___ Dataset entries ___

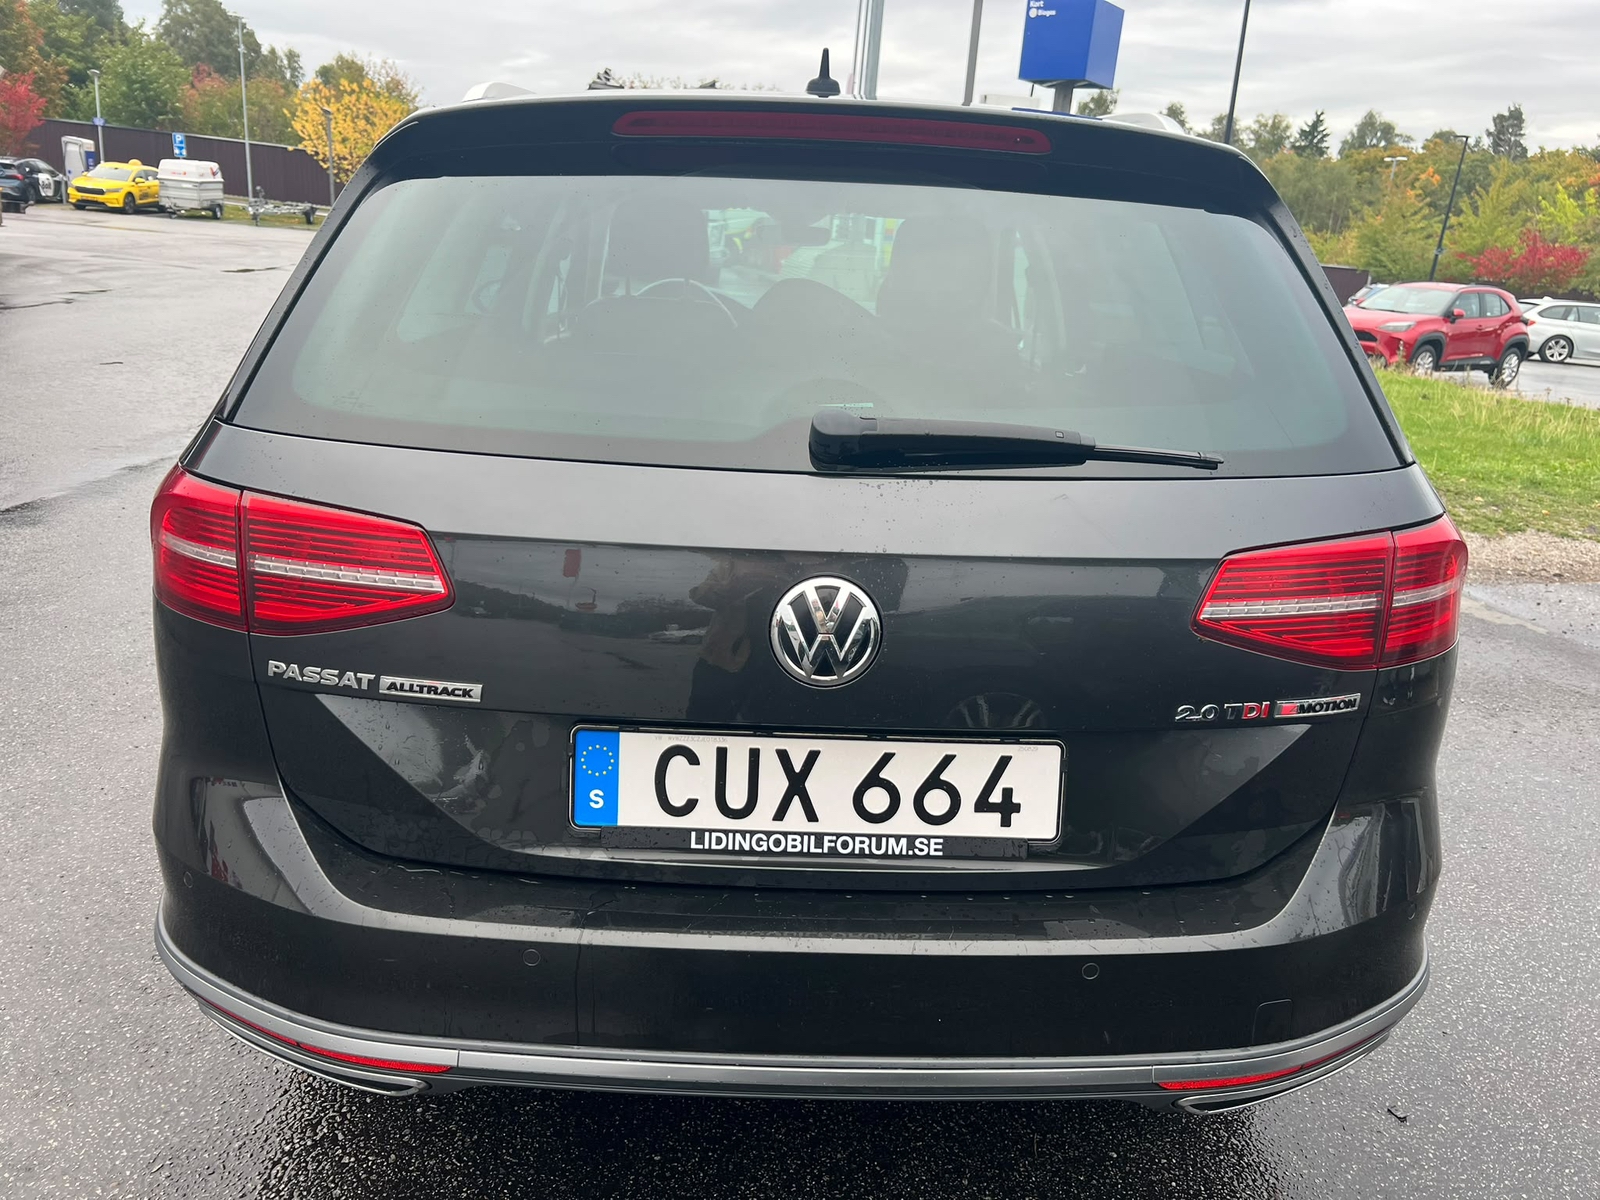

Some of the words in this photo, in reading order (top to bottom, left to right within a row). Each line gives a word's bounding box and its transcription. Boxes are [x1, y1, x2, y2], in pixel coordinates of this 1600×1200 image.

[175, 134, 182, 144] P
[770, 576, 880, 686] VW
[267, 660, 375, 690] PASSAT
[386, 681, 474, 698] ALLTRACK
[1175, 704, 1219, 721] 2.0
[1224, 701, 1270, 720] TDI
[654, 744, 821, 822] CUX
[852, 752, 1021, 827] 664
[589, 789, 604, 809] S
[690, 831, 944, 856] LIDINGOBILFORUM.SE

___

#### [Work instruction]
Repeat the records above verbatim. Include none of the pictures.

#### [Answer to this problem]
Some of the words in this photo, in reading order (top to bottom, left to right within a row). Each line gives a word's bounding box and its transcription. Boxes are [x1, y1, x2, y2], in pixel coordinates of this 1600×1200 image.

[175, 134, 182, 144] P
[770, 576, 880, 686] VW
[267, 660, 375, 690] PASSAT
[386, 681, 474, 698] ALLTRACK
[1175, 704, 1219, 721] 2.0
[1224, 701, 1270, 720] TDI
[654, 744, 821, 822] CUX
[852, 752, 1021, 827] 664
[589, 789, 604, 809] S
[690, 831, 944, 856] LIDINGOBILFORUM.SE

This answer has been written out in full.